**Assignment**:
An exact reproduction of the data below is expected, free of images.

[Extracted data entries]
■ ■ ■ ■ ■
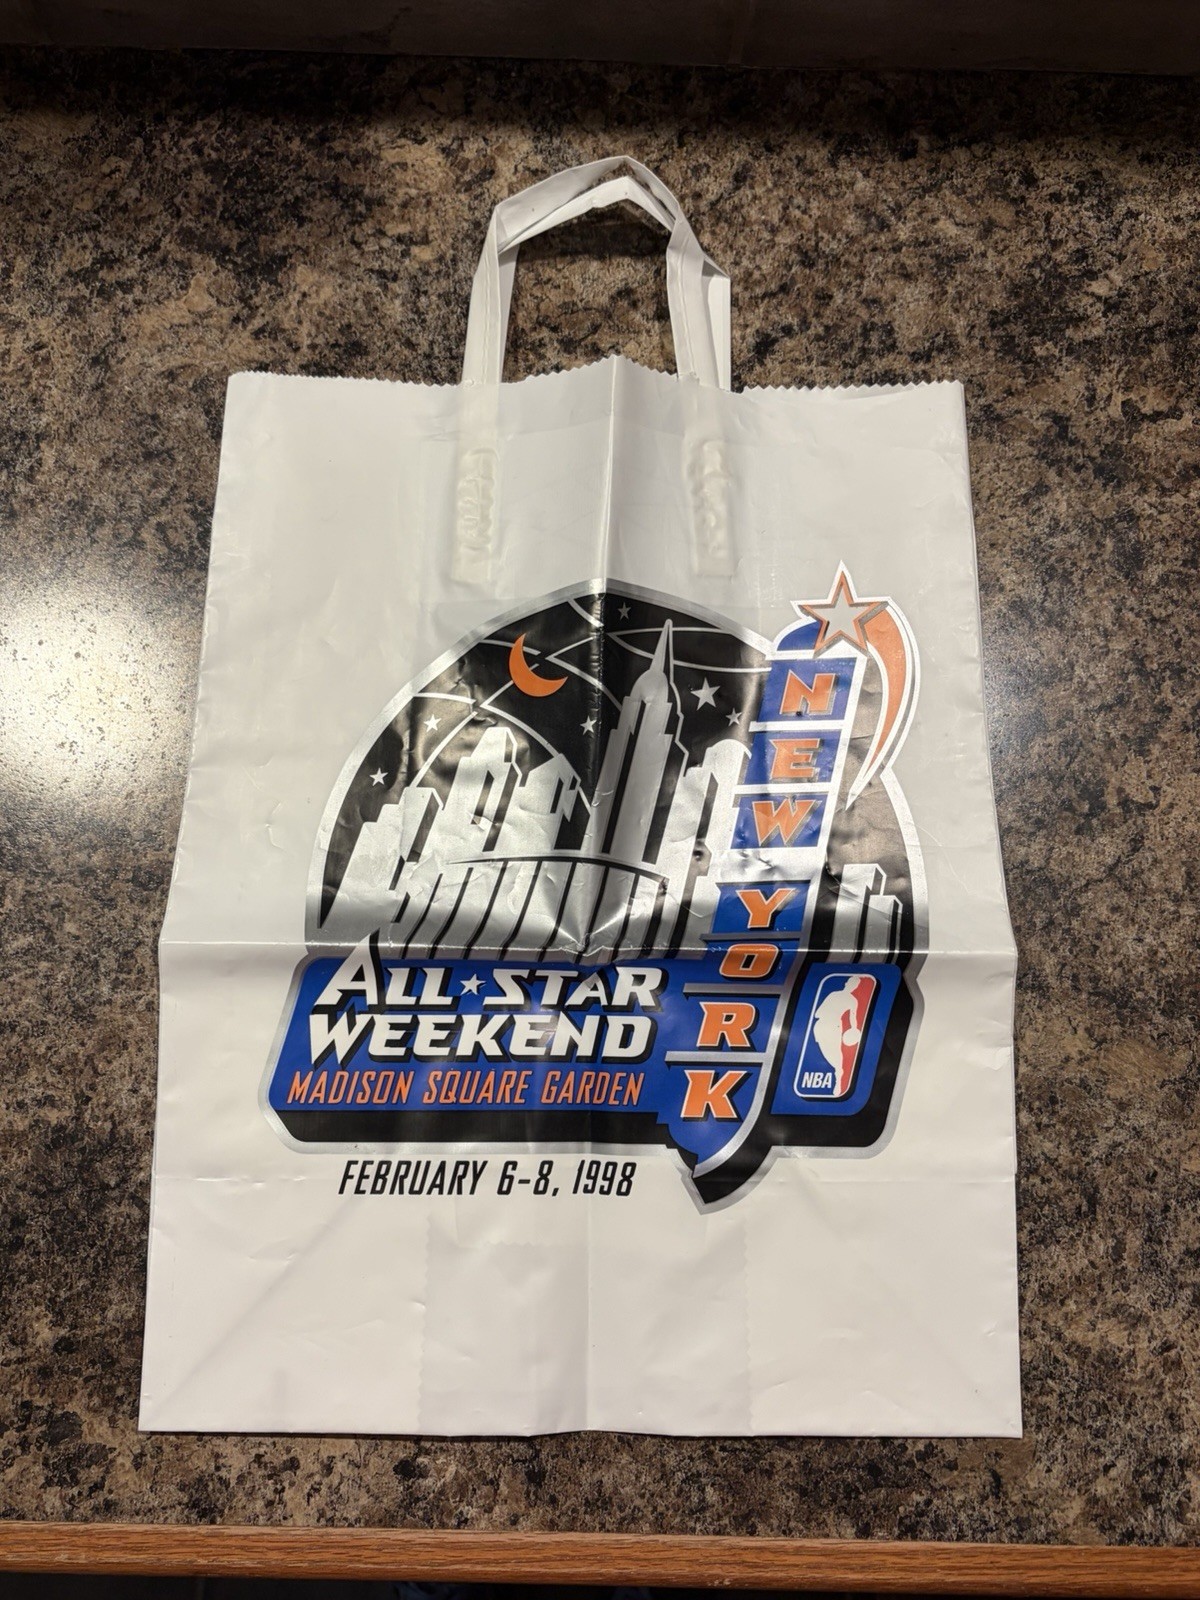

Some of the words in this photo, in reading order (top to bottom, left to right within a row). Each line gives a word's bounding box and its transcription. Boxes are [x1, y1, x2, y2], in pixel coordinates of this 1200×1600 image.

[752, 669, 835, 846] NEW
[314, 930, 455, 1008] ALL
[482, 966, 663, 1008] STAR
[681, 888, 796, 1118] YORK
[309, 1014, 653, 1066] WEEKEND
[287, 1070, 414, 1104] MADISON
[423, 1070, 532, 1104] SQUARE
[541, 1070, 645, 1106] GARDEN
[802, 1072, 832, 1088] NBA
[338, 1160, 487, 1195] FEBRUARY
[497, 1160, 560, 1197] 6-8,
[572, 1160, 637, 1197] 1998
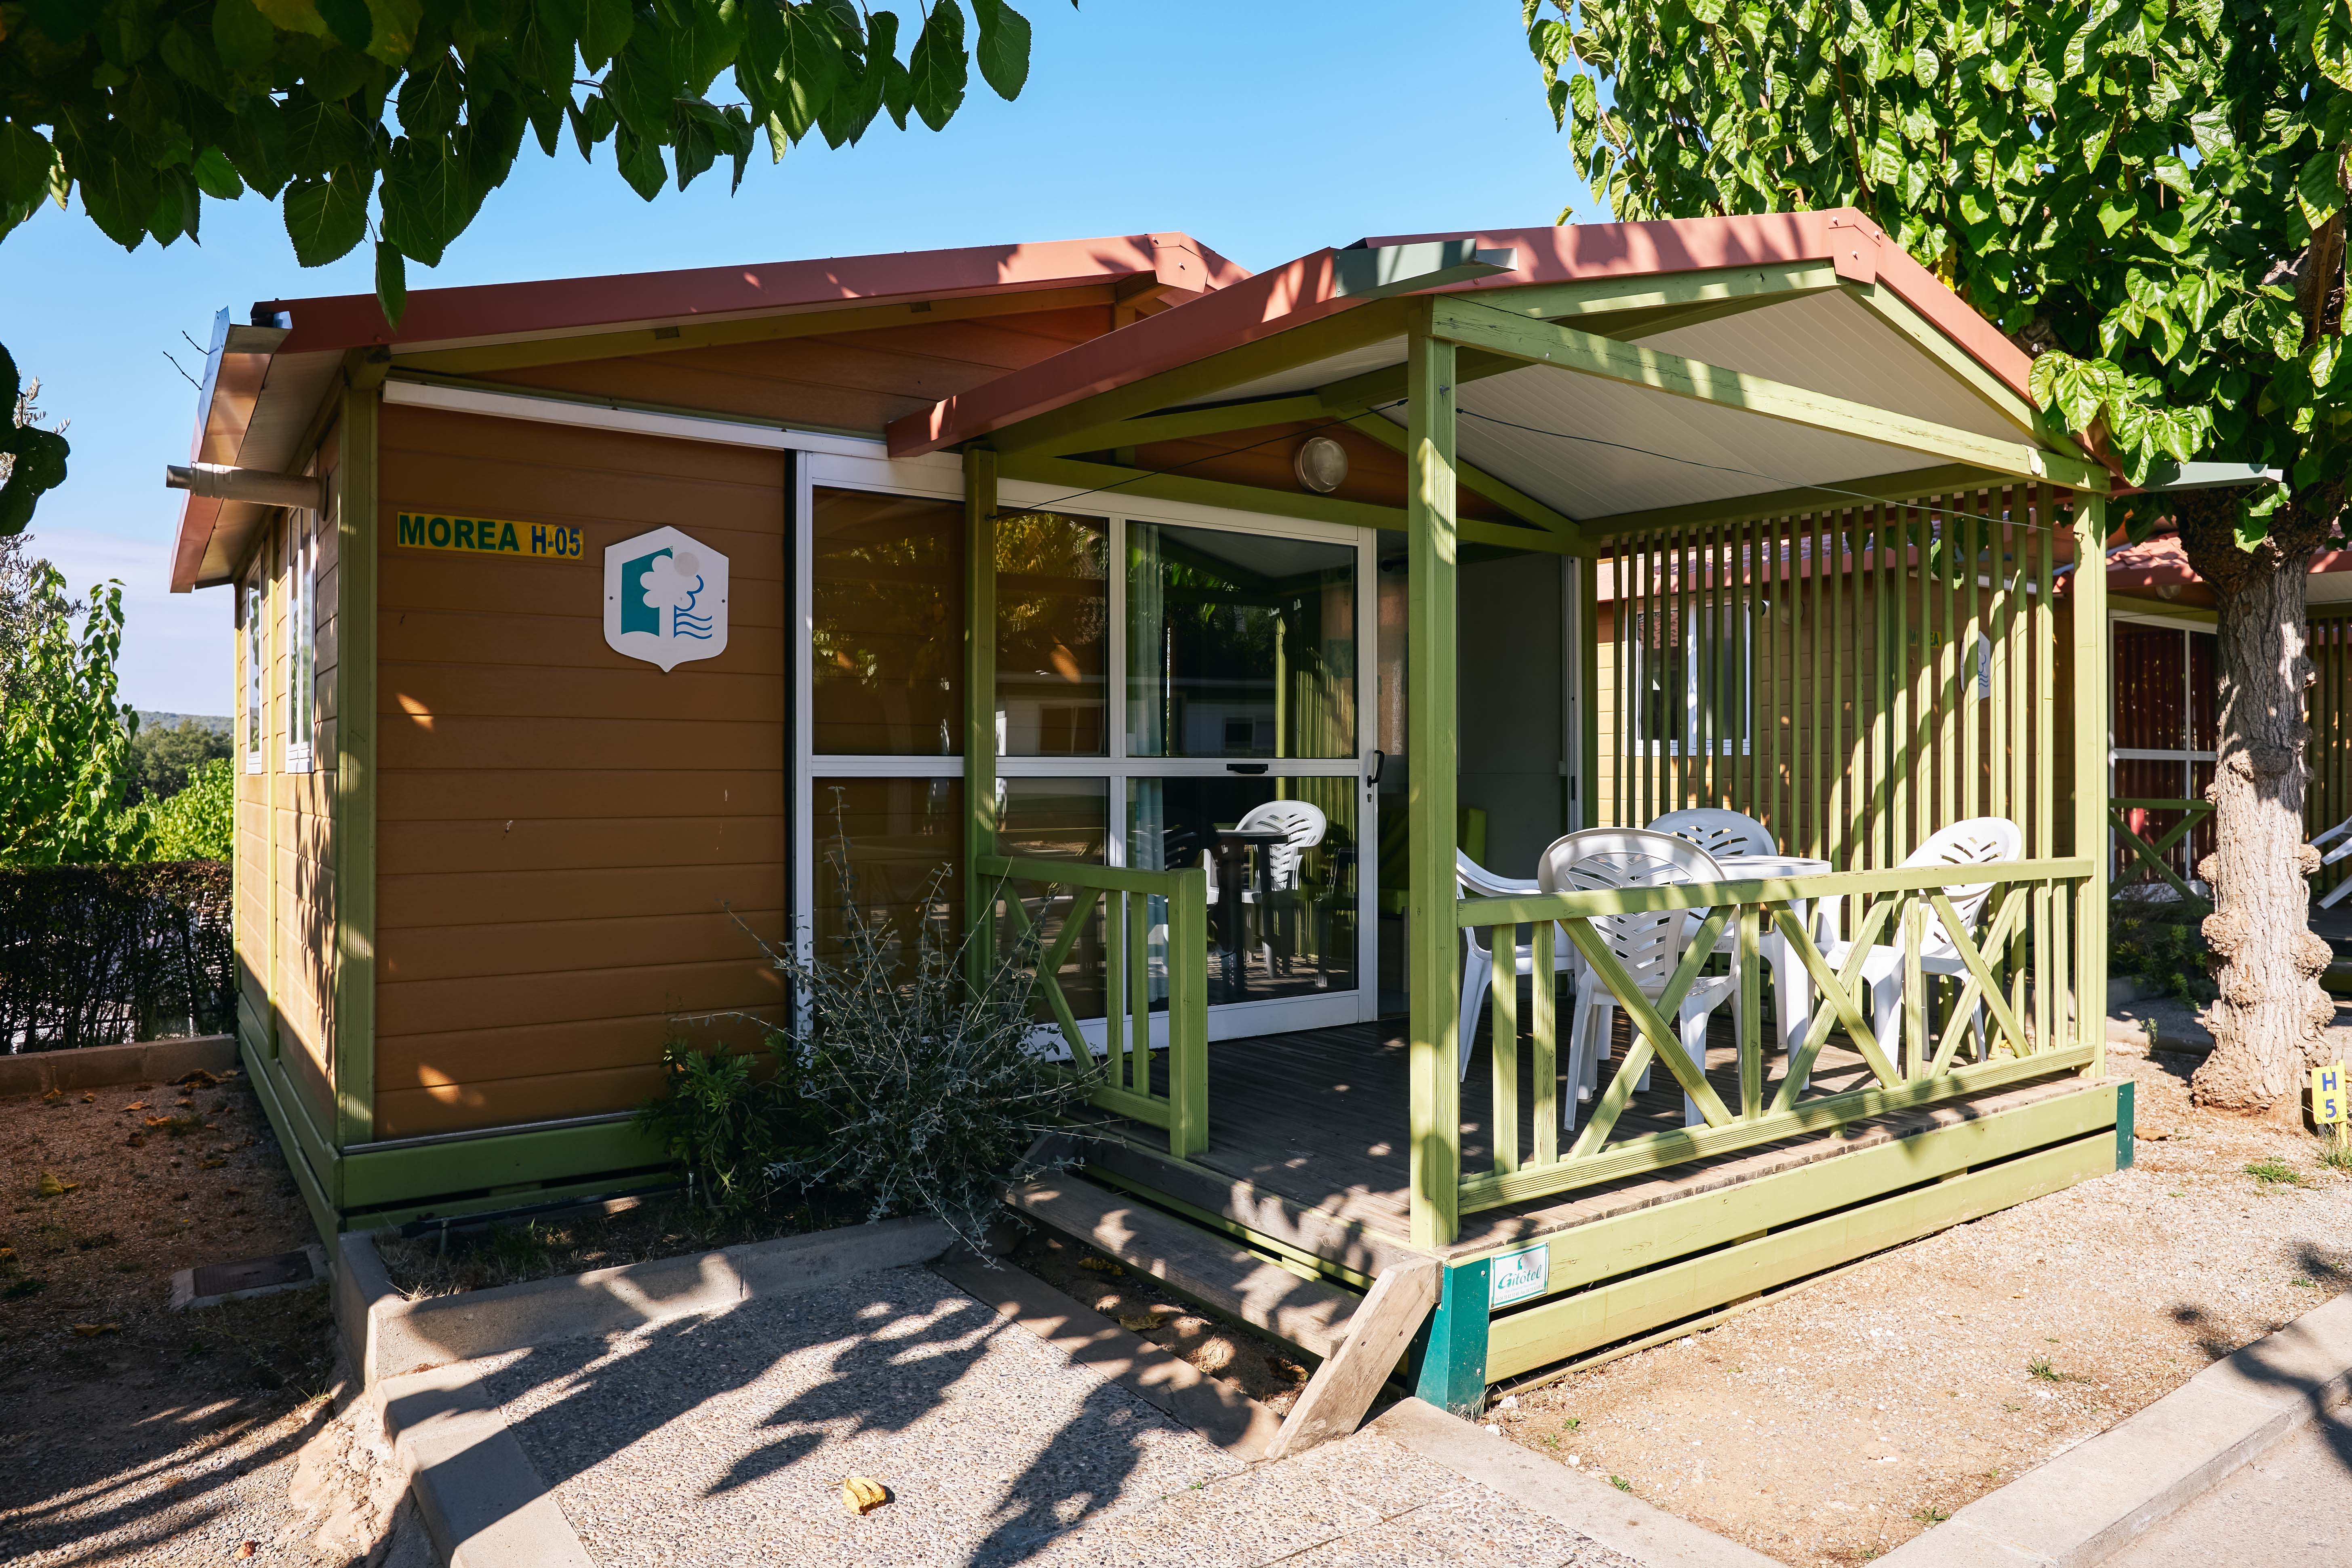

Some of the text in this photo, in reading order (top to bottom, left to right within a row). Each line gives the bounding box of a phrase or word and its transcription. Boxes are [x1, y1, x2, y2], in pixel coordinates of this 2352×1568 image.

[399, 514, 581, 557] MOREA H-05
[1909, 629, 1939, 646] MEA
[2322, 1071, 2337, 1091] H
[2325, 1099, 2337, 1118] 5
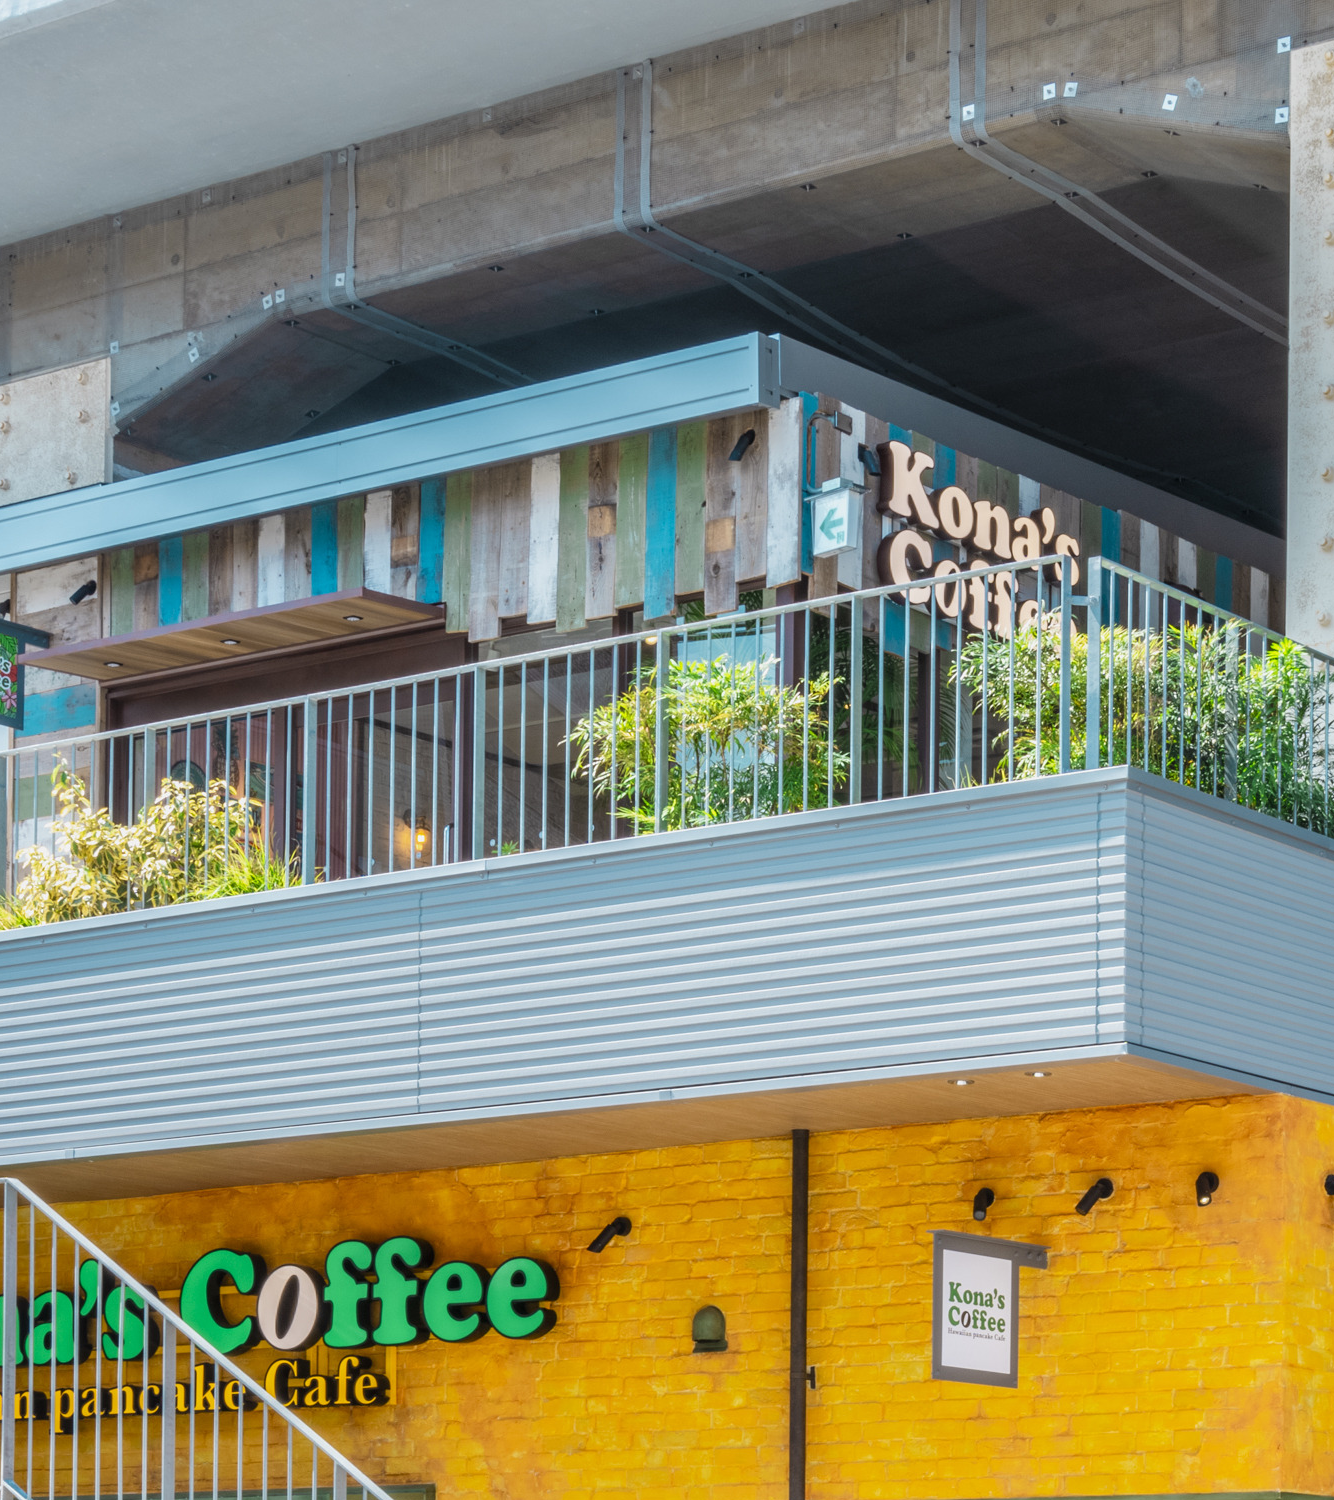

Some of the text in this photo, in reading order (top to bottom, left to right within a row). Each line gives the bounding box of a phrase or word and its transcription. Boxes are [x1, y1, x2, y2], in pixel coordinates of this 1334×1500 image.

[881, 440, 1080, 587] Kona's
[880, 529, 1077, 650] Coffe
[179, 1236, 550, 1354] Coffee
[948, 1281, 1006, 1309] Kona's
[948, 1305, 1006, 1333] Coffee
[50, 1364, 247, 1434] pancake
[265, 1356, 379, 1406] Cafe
■ ■ ■ ■ ■
**Exercise result**:
Some of the words in this photo, in reading order (top to bottom, left to right within a row). Each line gives a word's bounding box and its transcription. Boxes are [x1, y1, x2, y2], in pixel coordinates of this 1200×1600 image.

[752, 669, 835, 846] NEW
[314, 930, 455, 1008] ALL
[482, 966, 663, 1008] STAR
[681, 888, 796, 1118] YORK
[309, 1014, 653, 1066] WEEKEND
[287, 1070, 414, 1104] MADISON
[423, 1070, 532, 1104] SQUARE
[541, 1070, 645, 1106] GARDEN
[802, 1072, 832, 1088] NBA
[338, 1160, 487, 1195] FEBRUARY
[497, 1160, 560, 1197] 6-8,
[572, 1160, 637, 1197] 1998

Some of the text in this photo, in reading order (top to bottom, left to right within a row). Each line gives the bounding box of a phrase or word and its transcription. Boxes are [x1, y1, x2, y2], in pixel coordinates of this 2352×1568 image.

[399, 514, 581, 557] MOREA H-05
[1909, 629, 1939, 646] MEA
[2322, 1071, 2337, 1091] H
[2325, 1099, 2337, 1118] 5

Some of the text in this photo, in reading order (top to bottom, left to right within a row). Each line gives the bounding box of a phrase or word and its transcription. Boxes are [x1, y1, x2, y2], in pixel coordinates of this 1334×1500 image.

[881, 440, 1080, 587] Kona's
[880, 529, 1077, 650] Coffe
[179, 1236, 550, 1354] Coffee
[948, 1281, 1006, 1309] Kona's
[948, 1305, 1006, 1333] Coffee
[50, 1364, 247, 1434] pancake
[265, 1356, 379, 1406] Cafe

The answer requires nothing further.